Шнырок изобразил, как человек осторожненько вонзает кинжал и затем мягко его проворачивает.
— Приводит примеры того, как арфисты лгут либо приукрашивают реальные события. Сеет зерна сомнения. А потом — потом он приглашает хозяина с семейством к себе на очередную Встречу. Если наивный глупец верит ему, Фэкс предлагает прислать своих людей, чтобы заботиться о животных или обрабатывать поля, пока холдера с семьей не будет дома
— Чтобы его люди познакомились с местностью.
— Вот именно, — Шнырок хлебнул еще вина. — Недавно еще одно семейство не вернулось со Встречи. Именно так Фэкс приобрел в собственность холд Кеож.
— Это, значит, уже…
— Уже четыре.
— Понятно…
Тут Робинтон заметил, что Шнырок все еще дрожит, несмотря на вино и очаг.
— Послушай, Шнырок, дай я с тебя хоть сапоги сниму. Они, похоже, мокрые.
— Ты — единственный человек, которому я могу даровать привилегию снимать с меня сапоги, — отозвался неунывающий Шнырок.
Он задрал левую ногу, а Робинтон, повернувшись к нему спиной, ухватил скользкую кожу. Шнырок тут же уперся правой ногой в седалище Робинтона.
— Я знаю многих, кто был бы счастлив дать пинка главному арфисту Перна! — хихикнул он.
И пихнул-таки Роба — разумеется, только затем, чтобы помочь снять с себя промокший сапог.
* * *
Вопреки неутешительным вестям, что принес Шнырок, Фэкс снова притих. Судя по всему, он сейчас довольствовался тем, что объезжал разросшиеся границы своих владений и, как саркастически выразился Шнырок, «уговаривал» зависимых холдеров работать побольше.Непозволительно для мастера-арфиста раздумывать лишь о том, что предпримет дальше Фэкс. Надо было управлять цехом, со всеми его проблемами и повседневной рутиной. Особенно важным это стало сейчас, когда предубеждение против арфистов неуклонно усиливалось. Однако, услышав, что Неморт'а только что успешно поднялась в брачный полет с Сайманит'ом, Робинтон отправил поздравления и лично посетил Ф'лона. Ф'лон, похоже, был крайне доволен собой.

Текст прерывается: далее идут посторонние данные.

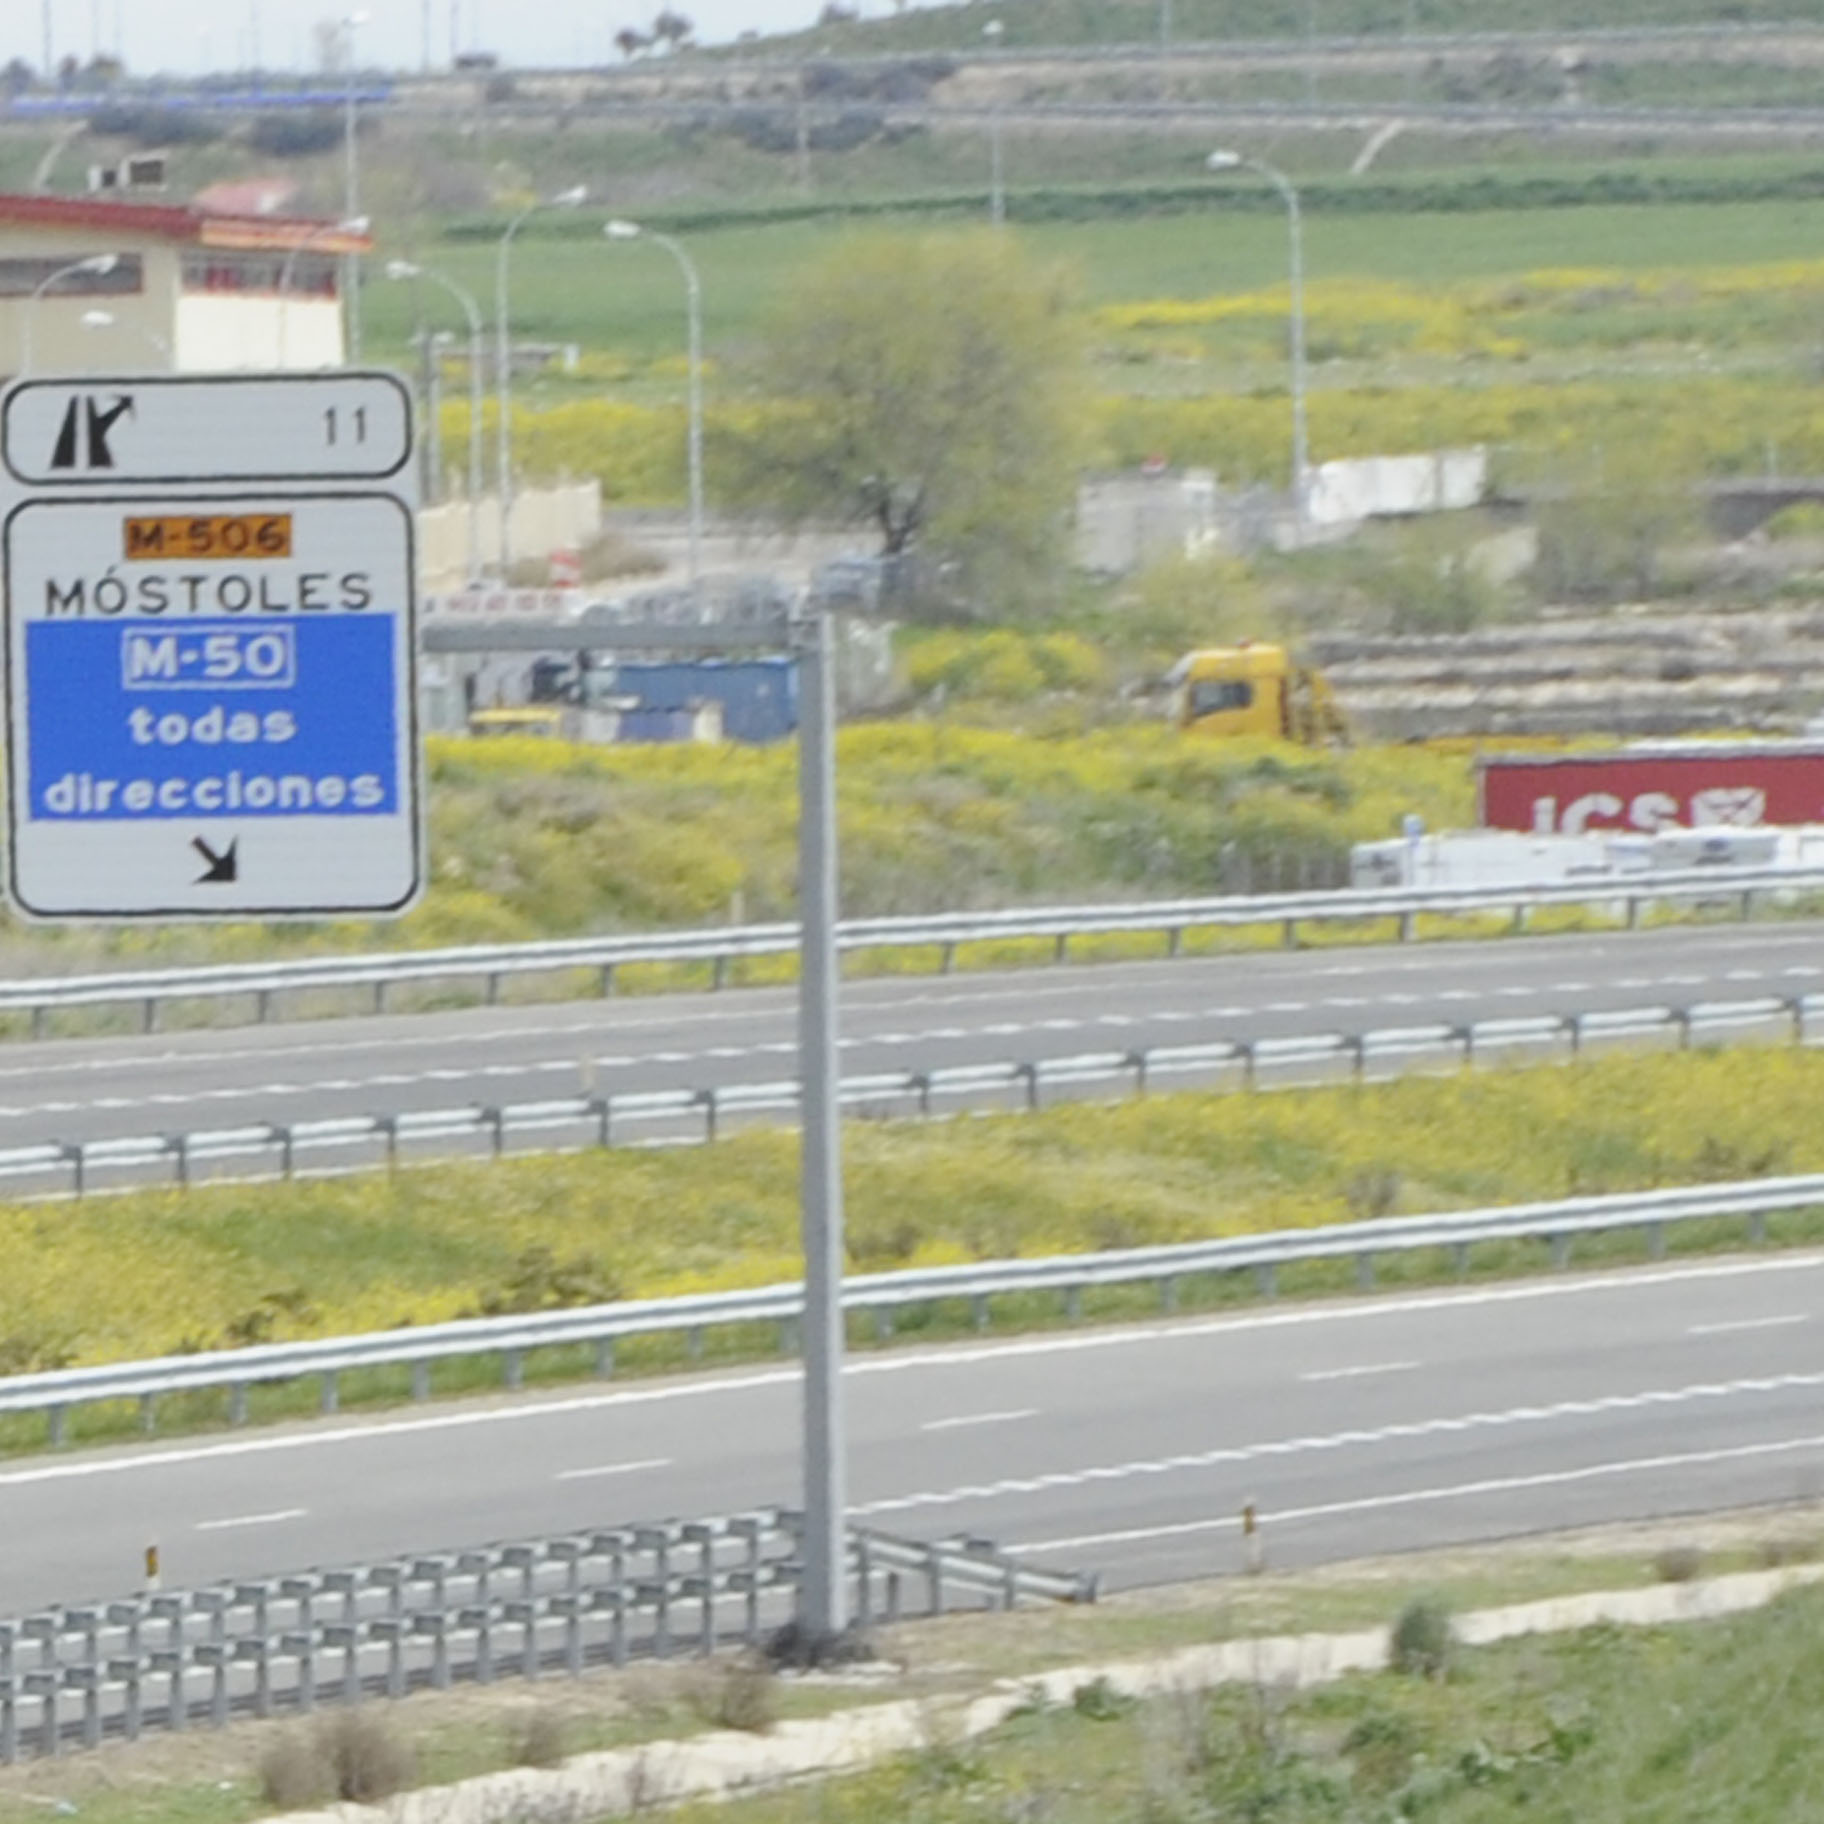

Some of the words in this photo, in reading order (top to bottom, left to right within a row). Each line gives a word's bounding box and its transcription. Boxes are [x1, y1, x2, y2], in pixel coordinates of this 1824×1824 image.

[323, 405, 366, 446] 11
[127, 519, 288, 556] M-506
[45, 566, 373, 616] MÓSTOLES
[129, 634, 287, 679] M-50
[128, 706, 297, 744] todas
[44, 771, 386, 813] direcciones

— Как тебе это удалось? — спросил Робинтон, наполняя два стакана из меха с бенденским вином, которое принес Ф'лон, чтобы отметить событие.
— Ну, сперва пришлось долго морить их обеих голодом. Никогда бы не подумал, что драконья королева может быть такой упрямой. Чтобы отобрать у нее жратву, понадобились все бронзовые драконы. Она выбиралась из Вейра по ночам и отправлялась на охоту.
— Кто? Йора или Неморт'а?
Ф'лон растерянно уставился на Роба, потом расхохотался.
— Ну конечно, я говорил о Неморт'е! Что до Йоры, полагаю, у нее по всему Вейру припрятано съестное, потому что ее нам так и не удалось заставить похудеть до приемлемых габаритов. Но Неморт'а доставила нам куда больше забот. Верно говорят: каков дракон, таков и всадник. Однако нам удалось помешать ей обожраться в очередной раз, когда она сделалась ярко-золотой. Ох, и стервозна же она в полете!
Ф'лон потряс головой, на лице его появилась странная ухмылка.
— Но Сайманит' себя показал! Догнал ее и сделал все как надо.
Он шумно выдохнул.
Робинтон едва не заржал, но сдержался, хоть и не без труда. Интересно, как Ф'лон в такие моменты управляется со своей неповоротливой супругой? Впрочем, есть вещи, которые обсуждать не следует, даже с таким добрым другом, как Ф'лон.
— Так она должна отложить кладку зимой?
— Если она ее вообще отложит!
— Яиц может оказаться втрое больше, чем в прошлый раз.
— И они нам вот как понадобятся — все до единого!
Ф'лон осушил бокал и разбил его о край очага. Робинтон, хотя ему и жаль было двух красивых бокалов, последовал его примеру.
— Я сам прилечу за тобой, когда подойдет время Запечатления. Оба моих сына будут в нем участвовать.